* EXERCISE BRIEF
What is needed is a faithful copy of all the records.

* SOURCE MATERIAL
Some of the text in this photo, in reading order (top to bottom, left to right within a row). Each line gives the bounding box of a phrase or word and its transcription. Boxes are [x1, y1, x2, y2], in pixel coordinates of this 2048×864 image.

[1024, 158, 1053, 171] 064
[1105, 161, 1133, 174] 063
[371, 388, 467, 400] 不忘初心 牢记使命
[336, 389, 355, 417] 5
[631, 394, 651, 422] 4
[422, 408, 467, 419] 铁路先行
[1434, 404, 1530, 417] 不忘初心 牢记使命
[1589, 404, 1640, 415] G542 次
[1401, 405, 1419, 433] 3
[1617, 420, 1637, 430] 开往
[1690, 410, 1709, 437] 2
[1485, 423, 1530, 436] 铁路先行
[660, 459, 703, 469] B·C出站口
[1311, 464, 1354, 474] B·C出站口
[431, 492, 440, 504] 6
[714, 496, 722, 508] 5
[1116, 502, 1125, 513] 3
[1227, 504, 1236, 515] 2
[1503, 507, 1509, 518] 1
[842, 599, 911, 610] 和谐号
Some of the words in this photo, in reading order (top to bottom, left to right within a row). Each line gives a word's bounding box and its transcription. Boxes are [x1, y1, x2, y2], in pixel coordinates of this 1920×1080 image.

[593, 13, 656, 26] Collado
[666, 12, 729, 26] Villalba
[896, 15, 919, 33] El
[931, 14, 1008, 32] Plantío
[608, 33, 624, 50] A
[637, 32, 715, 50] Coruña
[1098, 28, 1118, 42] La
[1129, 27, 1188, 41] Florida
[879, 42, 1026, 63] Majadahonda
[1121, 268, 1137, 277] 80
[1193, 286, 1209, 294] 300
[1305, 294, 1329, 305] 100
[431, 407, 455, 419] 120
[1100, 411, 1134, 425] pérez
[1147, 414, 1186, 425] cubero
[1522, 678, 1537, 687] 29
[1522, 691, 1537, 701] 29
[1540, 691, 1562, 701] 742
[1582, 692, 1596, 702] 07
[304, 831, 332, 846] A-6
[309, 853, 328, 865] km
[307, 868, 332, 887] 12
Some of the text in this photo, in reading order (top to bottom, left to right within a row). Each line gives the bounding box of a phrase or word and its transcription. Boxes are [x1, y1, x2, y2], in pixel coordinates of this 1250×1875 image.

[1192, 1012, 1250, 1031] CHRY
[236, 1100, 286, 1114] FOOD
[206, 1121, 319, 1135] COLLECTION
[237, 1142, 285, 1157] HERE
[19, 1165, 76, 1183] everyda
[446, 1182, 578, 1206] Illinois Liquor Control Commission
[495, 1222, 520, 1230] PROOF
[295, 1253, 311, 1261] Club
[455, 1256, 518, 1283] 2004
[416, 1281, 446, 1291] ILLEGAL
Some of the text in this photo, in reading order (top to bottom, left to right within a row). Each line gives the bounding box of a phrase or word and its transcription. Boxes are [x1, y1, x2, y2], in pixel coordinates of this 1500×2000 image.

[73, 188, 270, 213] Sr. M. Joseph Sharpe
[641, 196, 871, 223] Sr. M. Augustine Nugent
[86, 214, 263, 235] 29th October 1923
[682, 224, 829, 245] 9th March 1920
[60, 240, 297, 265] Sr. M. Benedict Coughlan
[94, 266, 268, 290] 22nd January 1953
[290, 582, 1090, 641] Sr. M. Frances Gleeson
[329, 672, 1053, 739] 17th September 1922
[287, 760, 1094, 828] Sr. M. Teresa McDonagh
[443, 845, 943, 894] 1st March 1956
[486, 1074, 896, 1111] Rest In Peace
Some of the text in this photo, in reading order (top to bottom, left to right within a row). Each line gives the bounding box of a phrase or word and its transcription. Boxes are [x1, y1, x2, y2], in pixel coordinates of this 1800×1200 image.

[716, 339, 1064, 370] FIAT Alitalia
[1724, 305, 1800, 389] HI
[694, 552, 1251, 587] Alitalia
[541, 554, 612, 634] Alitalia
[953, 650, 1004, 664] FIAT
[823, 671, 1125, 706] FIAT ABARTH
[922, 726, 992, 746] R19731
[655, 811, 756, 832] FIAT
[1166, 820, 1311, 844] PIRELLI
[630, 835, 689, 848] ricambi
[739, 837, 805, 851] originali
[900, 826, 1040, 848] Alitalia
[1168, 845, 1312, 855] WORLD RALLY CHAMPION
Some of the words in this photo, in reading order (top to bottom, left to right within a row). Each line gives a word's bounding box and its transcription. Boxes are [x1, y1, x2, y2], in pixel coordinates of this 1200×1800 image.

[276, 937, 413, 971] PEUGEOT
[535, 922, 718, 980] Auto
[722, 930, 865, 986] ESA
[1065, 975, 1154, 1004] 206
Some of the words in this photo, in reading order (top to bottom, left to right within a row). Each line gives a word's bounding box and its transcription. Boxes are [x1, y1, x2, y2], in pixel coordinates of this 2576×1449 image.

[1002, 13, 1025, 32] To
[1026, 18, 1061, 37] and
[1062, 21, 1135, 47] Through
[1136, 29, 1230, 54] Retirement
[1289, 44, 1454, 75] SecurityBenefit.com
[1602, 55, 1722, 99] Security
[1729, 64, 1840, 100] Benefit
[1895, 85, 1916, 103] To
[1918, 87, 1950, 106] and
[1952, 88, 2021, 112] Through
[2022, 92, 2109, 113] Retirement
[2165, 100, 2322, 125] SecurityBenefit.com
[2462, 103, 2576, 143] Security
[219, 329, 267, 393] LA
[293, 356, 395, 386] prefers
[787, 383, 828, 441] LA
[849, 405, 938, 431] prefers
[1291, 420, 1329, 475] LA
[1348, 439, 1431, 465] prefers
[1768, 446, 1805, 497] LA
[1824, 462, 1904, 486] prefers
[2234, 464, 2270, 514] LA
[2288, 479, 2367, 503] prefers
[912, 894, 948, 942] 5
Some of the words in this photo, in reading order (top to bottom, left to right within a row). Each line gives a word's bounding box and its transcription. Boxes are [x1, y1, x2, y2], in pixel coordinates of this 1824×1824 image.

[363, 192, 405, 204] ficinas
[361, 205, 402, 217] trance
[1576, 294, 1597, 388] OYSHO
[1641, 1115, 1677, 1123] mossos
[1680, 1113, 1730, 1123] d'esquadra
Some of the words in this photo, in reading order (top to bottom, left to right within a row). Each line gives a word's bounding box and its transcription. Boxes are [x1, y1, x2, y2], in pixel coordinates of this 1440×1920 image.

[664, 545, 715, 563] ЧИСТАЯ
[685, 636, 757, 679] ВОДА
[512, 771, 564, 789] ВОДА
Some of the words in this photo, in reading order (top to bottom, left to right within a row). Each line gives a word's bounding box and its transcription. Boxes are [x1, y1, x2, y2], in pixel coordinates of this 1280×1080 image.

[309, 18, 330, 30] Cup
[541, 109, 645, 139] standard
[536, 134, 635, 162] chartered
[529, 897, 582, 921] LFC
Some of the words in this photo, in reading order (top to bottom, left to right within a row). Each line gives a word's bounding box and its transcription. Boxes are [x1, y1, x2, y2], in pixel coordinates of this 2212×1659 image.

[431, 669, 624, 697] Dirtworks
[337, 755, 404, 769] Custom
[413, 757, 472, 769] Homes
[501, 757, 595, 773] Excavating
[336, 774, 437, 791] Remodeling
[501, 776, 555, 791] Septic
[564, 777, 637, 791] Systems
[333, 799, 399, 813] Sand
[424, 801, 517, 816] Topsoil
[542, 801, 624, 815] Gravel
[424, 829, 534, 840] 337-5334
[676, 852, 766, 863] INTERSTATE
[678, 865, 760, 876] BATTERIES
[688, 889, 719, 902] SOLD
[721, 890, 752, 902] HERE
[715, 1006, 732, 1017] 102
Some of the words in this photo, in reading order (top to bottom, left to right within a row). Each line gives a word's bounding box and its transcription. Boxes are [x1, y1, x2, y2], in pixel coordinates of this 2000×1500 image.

* TASK RESULT
Some of the text in this photo, in reading order (top to bottom, left to right within a row). Each line gives the bounding box of a phrase or word and its transcription. Boxes are [x1, y1, x2, y2], in pixel coordinates of this 2048×864 image.

[1024, 158, 1053, 171] 064
[1105, 161, 1133, 174] 063
[371, 388, 467, 400] 不忘初心 牢记使命
[336, 389, 355, 417] 5
[631, 394, 651, 422] 4
[422, 408, 467, 419] 铁路先行
[1434, 404, 1530, 417] 不忘初心 牢记使命
[1589, 404, 1640, 415] G542 次
[1401, 405, 1419, 433] 3
[1617, 420, 1637, 430] 开往
[1690, 410, 1709, 437] 2
[1485, 423, 1530, 436] 铁路先行
[660, 459, 703, 469] B·C出站口
[1311, 464, 1354, 474] B·C出站口
[431, 492, 440, 504] 6
[714, 496, 722, 508] 5
[1116, 502, 1125, 513] 3
[1227, 504, 1236, 515] 2
[1503, 507, 1509, 518] 1
[842, 599, 911, 610] 和谐号
Some of the words in this photo, in reading order (top to bottom, left to right within a row). Each line gives a word's bounding box and its transcription. Boxes are [x1, y1, x2, y2], in pixel coordinates of this 1920×1080 image.

[593, 13, 656, 26] Collado
[666, 12, 729, 26] Villalba
[896, 15, 919, 33] El
[931, 14, 1008, 32] Plantío
[608, 33, 624, 50] A
[637, 32, 715, 50] Coruña
[1098, 28, 1118, 42] La
[1129, 27, 1188, 41] Florida
[879, 42, 1026, 63] Majadahonda
[1121, 268, 1137, 277] 80
[1193, 286, 1209, 294] 300
[1305, 294, 1329, 305] 100
[431, 407, 455, 419] 120
[1100, 411, 1134, 425] pérez
[1147, 414, 1186, 425] cubero
[1522, 678, 1537, 687] 29
[1522, 691, 1537, 701] 29
[1540, 691, 1562, 701] 742
[1582, 692, 1596, 702] 07
[304, 831, 332, 846] A-6
[309, 853, 328, 865] km
[307, 868, 332, 887] 12
Some of the text in this photo, in reading order (top to bottom, left to right within a row). Each line gives the bounding box of a phrase or word and its transcription. Boxes are [x1, y1, x2, y2], in pixel coordinates of this 1250×1875 image.

[1192, 1012, 1250, 1031] CHRY
[236, 1100, 286, 1114] FOOD
[206, 1121, 319, 1135] COLLECTION
[237, 1142, 285, 1157] HERE
[19, 1165, 76, 1183] everyda
[446, 1182, 578, 1206] Illinois Liquor Control Commission
[495, 1222, 520, 1230] PROOF
[295, 1253, 311, 1261] Club
[455, 1256, 518, 1283] 2004
[416, 1281, 446, 1291] ILLEGAL
Some of the text in this photo, in reading order (top to bottom, left to right within a row). Each line gives the bounding box of a phrase or word and its transcription. Boxes are [x1, y1, x2, y2], in pixel coordinates of this 1500×2000 image.

[73, 188, 270, 213] Sr. M. Joseph Sharpe
[641, 196, 871, 223] Sr. M. Augustine Nugent
[86, 214, 263, 235] 29th October 1923
[682, 224, 829, 245] 9th March 1920
[60, 240, 297, 265] Sr. M. Benedict Coughlan
[94, 266, 268, 290] 22nd January 1953
[290, 582, 1090, 641] Sr. M. Frances Gleeson
[329, 672, 1053, 739] 17th September 1922
[287, 760, 1094, 828] Sr. M. Teresa McDonagh
[443, 845, 943, 894] 1st March 1956
[486, 1074, 896, 1111] Rest In Peace
Some of the text in this photo, in reading order (top to bottom, left to right within a row). Each line gives the bounding box of a phrase or word and its transcription. Boxes are [x1, y1, x2, y2], in pixel coordinates of this 1800×1200 image.

[716, 339, 1064, 370] FIAT Alitalia
[1724, 305, 1800, 389] HI
[694, 552, 1251, 587] Alitalia
[541, 554, 612, 634] Alitalia
[953, 650, 1004, 664] FIAT
[823, 671, 1125, 706] FIAT ABARTH
[922, 726, 992, 746] R19731
[655, 811, 756, 832] FIAT
[1166, 820, 1311, 844] PIRELLI
[630, 835, 689, 848] ricambi
[739, 837, 805, 851] originali
[900, 826, 1040, 848] Alitalia
[1168, 845, 1312, 855] WORLD RALLY CHAMPION
Some of the words in this photo, in reading order (top to bottom, left to right within a row). Each line gives a word's bounding box and its transcription. Boxes are [x1, y1, x2, y2], in pixel coordinates of this 1200×1800 image.

[276, 937, 413, 971] PEUGEOT
[535, 922, 718, 980] Auto
[722, 930, 865, 986] ESA
[1065, 975, 1154, 1004] 206
Some of the words in this photo, in reading order (top to bottom, left to right within a row). Each line gives a word's bounding box and its transcription. Boxes are [x1, y1, x2, y2], in pixel coordinates of this 2576×1449 image.

[1002, 13, 1025, 32] To
[1026, 18, 1061, 37] and
[1062, 21, 1135, 47] Through
[1136, 29, 1230, 54] Retirement
[1289, 44, 1454, 75] SecurityBenefit.com
[1602, 55, 1722, 99] Security
[1729, 64, 1840, 100] Benefit
[1895, 85, 1916, 103] To
[1918, 87, 1950, 106] and
[1952, 88, 2021, 112] Through
[2022, 92, 2109, 113] Retirement
[2165, 100, 2322, 125] SecurityBenefit.com
[2462, 103, 2576, 143] Security
[219, 329, 267, 393] LA
[293, 356, 395, 386] prefers
[787, 383, 828, 441] LA
[849, 405, 938, 431] prefers
[1291, 420, 1329, 475] LA
[1348, 439, 1431, 465] prefers
[1768, 446, 1805, 497] LA
[1824, 462, 1904, 486] prefers
[2234, 464, 2270, 514] LA
[2288, 479, 2367, 503] prefers
[912, 894, 948, 942] 5
Some of the words in this photo, in reading order (top to bottom, left to right within a row). Each line gives a word's bounding box and its transcription. Boxes are [x1, y1, x2, y2], in pixel coordinates of this 1824×1824 image.

[363, 192, 405, 204] ficinas
[361, 205, 402, 217] trance
[1576, 294, 1597, 388] OYSHO
[1641, 1115, 1677, 1123] mossos
[1680, 1113, 1730, 1123] d'esquadra
Some of the words in this photo, in reading order (top to bottom, left to right within a row). Each line gives a word's bounding box and its transcription. Boxes are [x1, y1, x2, y2], in pixel coordinates of this 1440×1920 image.

[664, 545, 715, 563] ЧИСТАЯ
[685, 636, 757, 679] ВОДА
[512, 771, 564, 789] ВОДА
Some of the words in this photo, in reading order (top to bottom, left to right within a row). Each line gives a word's bounding box and its transcription. Boxes are [x1, y1, x2, y2], in pixel coordinates of this 1280×1080 image.

[309, 18, 330, 30] Cup
[541, 109, 645, 139] standard
[536, 134, 635, 162] chartered
[529, 897, 582, 921] LFC
Some of the words in this photo, in reading order (top to bottom, left to right within a row). Each line gives a word's bounding box and its transcription. Boxes are [x1, y1, x2, y2], in pixel coordinates of this 2212×1659 image.

[431, 669, 624, 697] Dirtworks
[337, 755, 404, 769] Custom
[413, 757, 472, 769] Homes
[501, 757, 595, 773] Excavating
[336, 774, 437, 791] Remodeling
[501, 776, 555, 791] Septic
[564, 777, 637, 791] Systems
[333, 799, 399, 813] Sand
[424, 801, 517, 816] Topsoil
[542, 801, 624, 815] Gravel
[424, 829, 534, 840] 337-5334
[676, 852, 766, 863] INTERSTATE
[678, 865, 760, 876] BATTERIES
[688, 889, 719, 902] SOLD
[721, 890, 752, 902] HERE
[715, 1006, 732, 1017] 102
Some of the words in this photo, in reading order (top to bottom, left to right within a row). Each line gives a word's bounding box and its transcription. Boxes are [x1, y1, x2, y2], in pixel coordinates of this 2000×1500 image.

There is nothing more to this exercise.